* Problem:
Wherever pictures occur in the entries below, leave them out and retype the rest exactly.

** Extracted records follows **

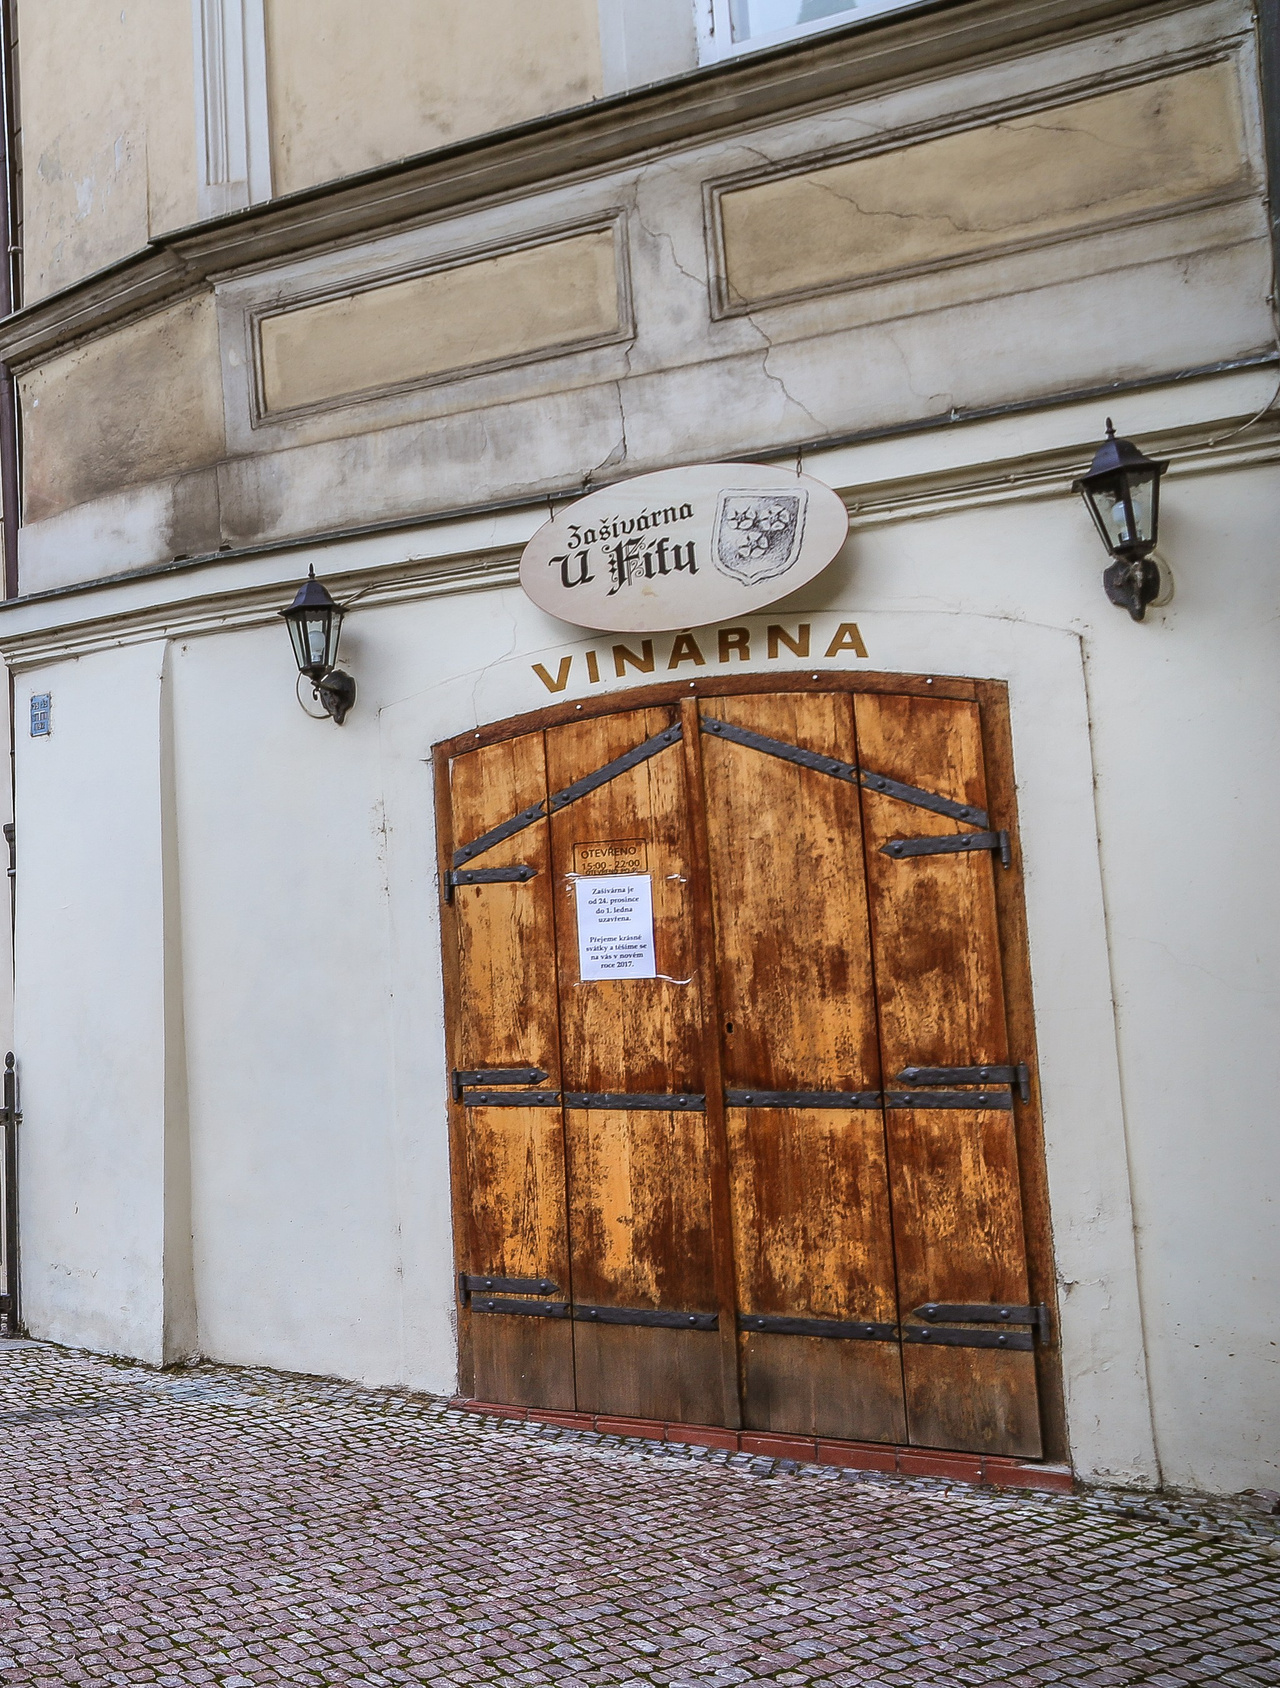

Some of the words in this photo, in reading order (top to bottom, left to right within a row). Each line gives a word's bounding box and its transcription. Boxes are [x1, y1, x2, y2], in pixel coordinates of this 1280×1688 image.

[548, 549, 595, 588] U
[531, 622, 869, 694] VINÁRNA
[581, 846, 637, 859] OTEVŘENO
[582, 861, 607, 870] 15:00
[615, 859, 640, 869] 22:00
[627, 886, 634, 894] je
[610, 896, 639, 905] prosince
[586, 944, 608, 952] svátky
[617, 960, 634, 968] 2017.

** End of Extracted records **

* Your solution:
Some of the words in this photo, in reading order (top to bottom, left to right within a row). Each line gives a word's bounding box and its transcription. Boxes are [x1, y1, x2, y2], in pixel coordinates of this 1280×1688 image.

[548, 549, 595, 588] U
[531, 622, 869, 694] VINÁRNA
[581, 846, 637, 859] OTEVŘENO
[582, 861, 607, 870] 15:00
[615, 859, 640, 869] 22:00
[627, 886, 634, 894] je
[610, 896, 639, 905] prosince
[586, 944, 608, 952] svátky
[617, 960, 634, 968] 2017.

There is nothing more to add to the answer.